— TASK DESCRIPTION —
Where an entry holds an image, leave the image out; otherwise reproduce the entry exactly.
------------------------------------------------------------
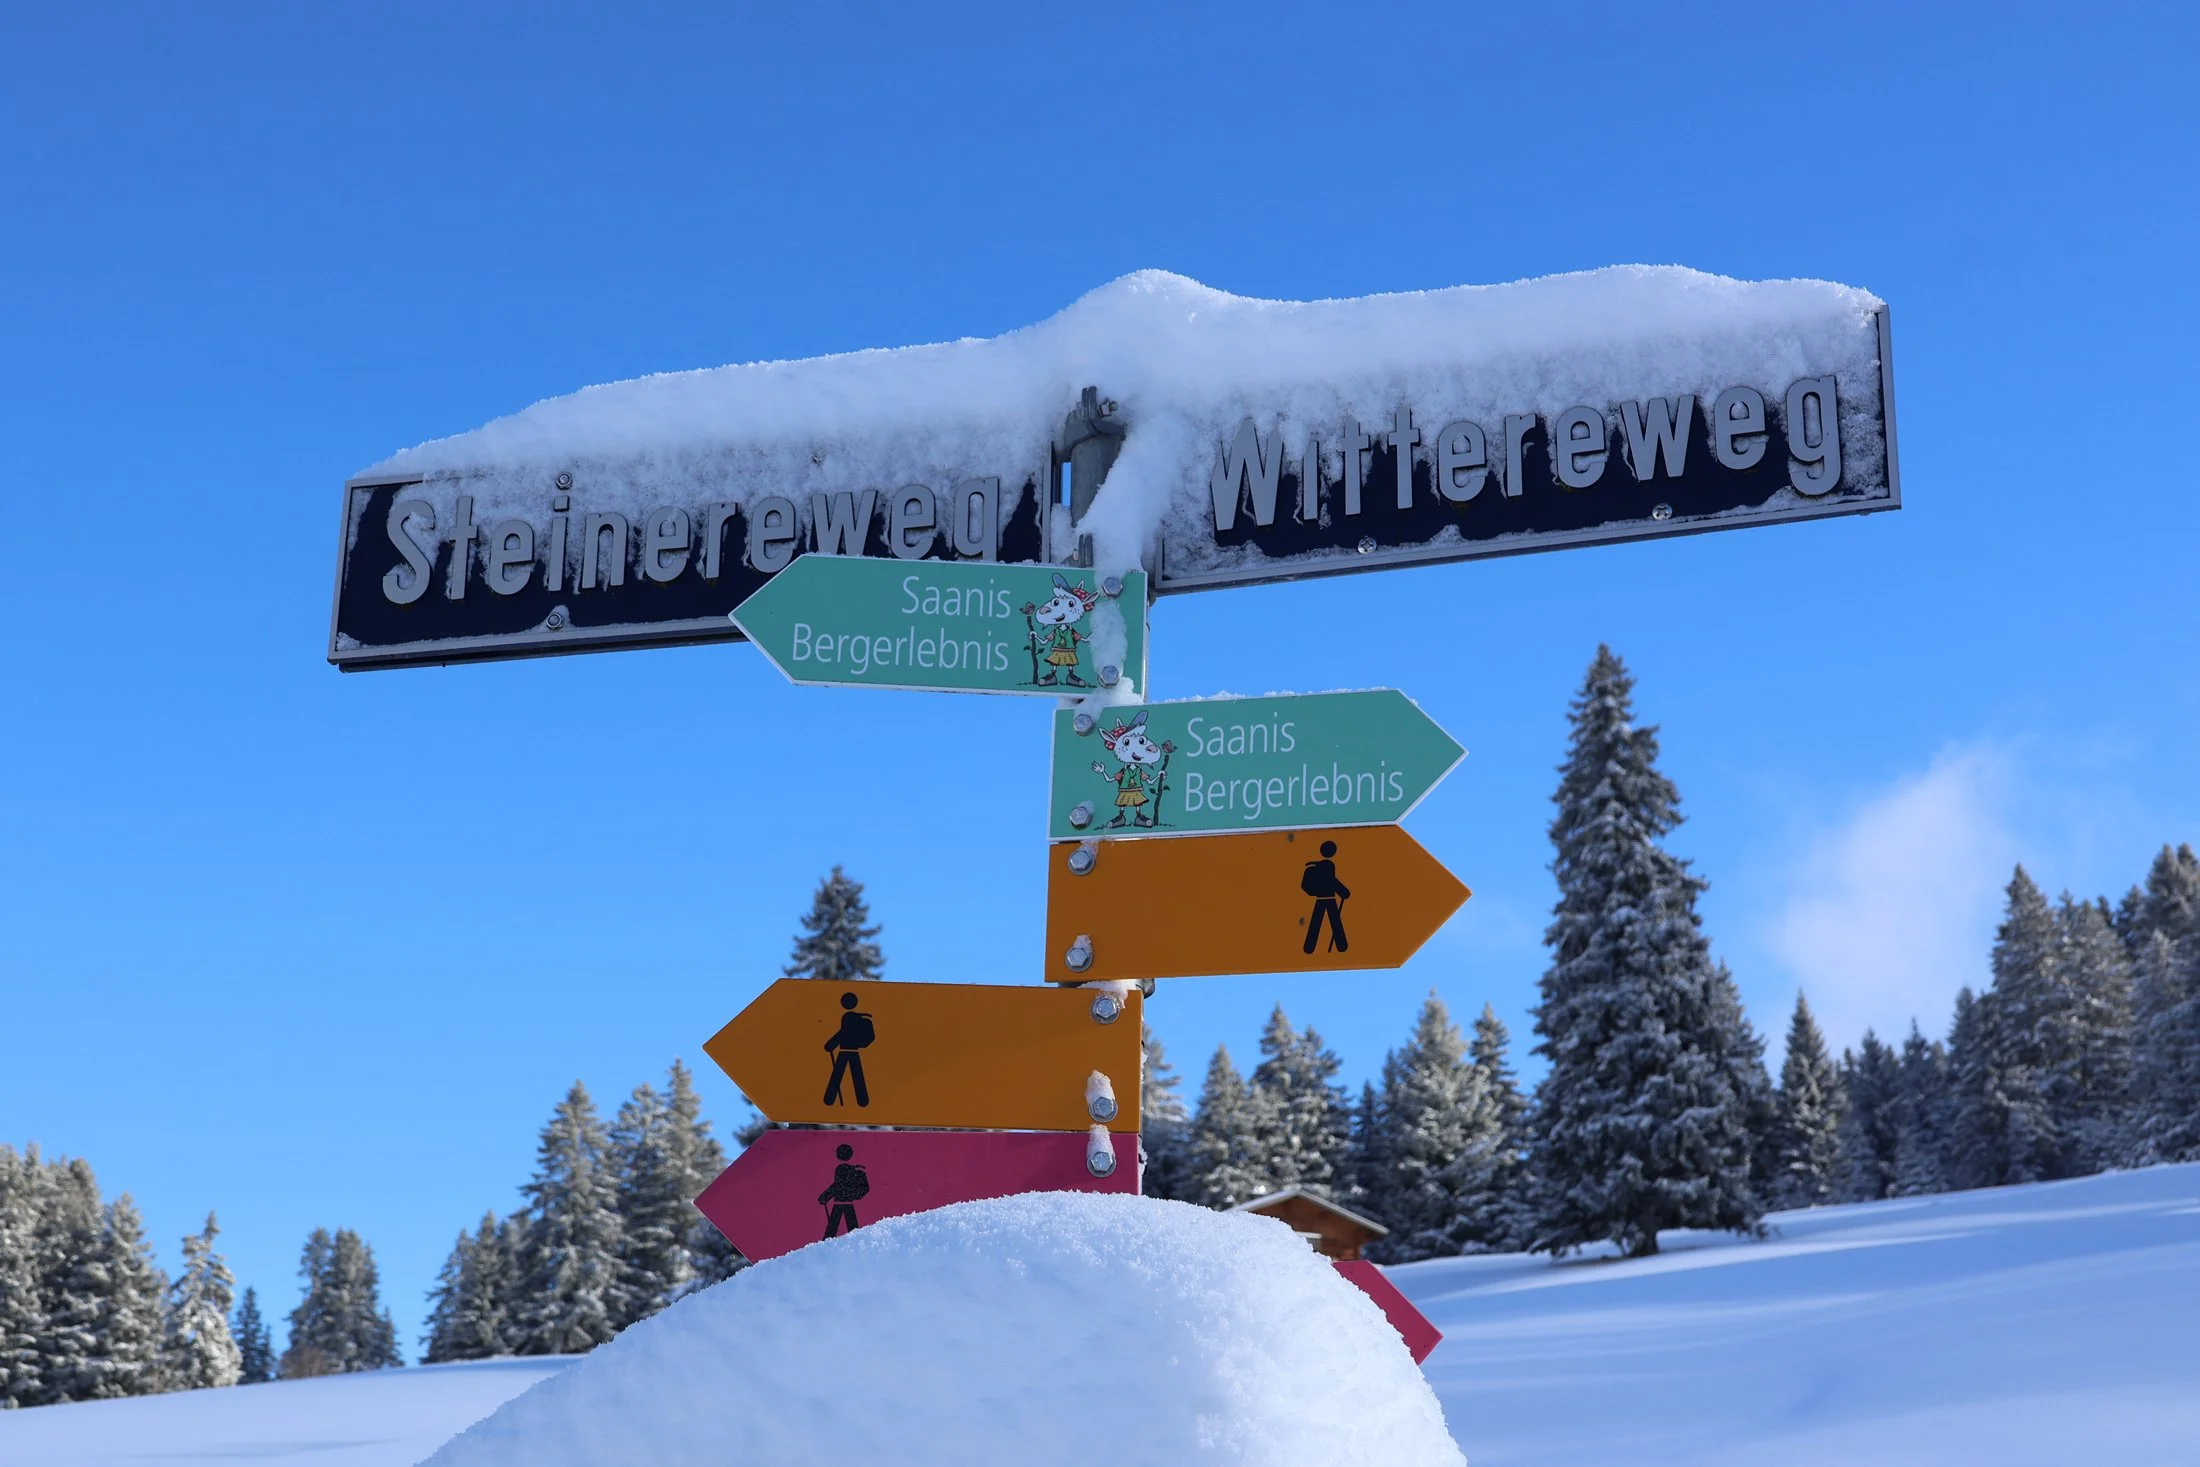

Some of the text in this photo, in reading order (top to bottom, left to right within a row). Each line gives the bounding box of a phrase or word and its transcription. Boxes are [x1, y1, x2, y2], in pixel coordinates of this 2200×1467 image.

[1211, 375, 1843, 531] Wittereweg
[383, 477, 1000, 604] Steinereweg
[902, 576, 1011, 618] Saanis
[792, 622, 1009, 675] Bergerlebnis
[1186, 712, 1296, 758] Saanis
[1184, 761, 1404, 820] Bergerlebnis
------------------------------------------------------------
— RESULT OF THE EXERCISE —
Some of the text in this photo, in reading order (top to bottom, left to right within a row). Each line gives the bounding box of a phrase or word and its transcription. Boxes are [x1, y1, x2, y2], in pixel coordinates of this 2200×1467 image.

[1211, 375, 1843, 531] Wittereweg
[383, 477, 1000, 604] Steinereweg
[902, 576, 1011, 618] Saanis
[792, 622, 1009, 675] Bergerlebnis
[1186, 712, 1296, 758] Saanis
[1184, 761, 1404, 820] Bergerlebnis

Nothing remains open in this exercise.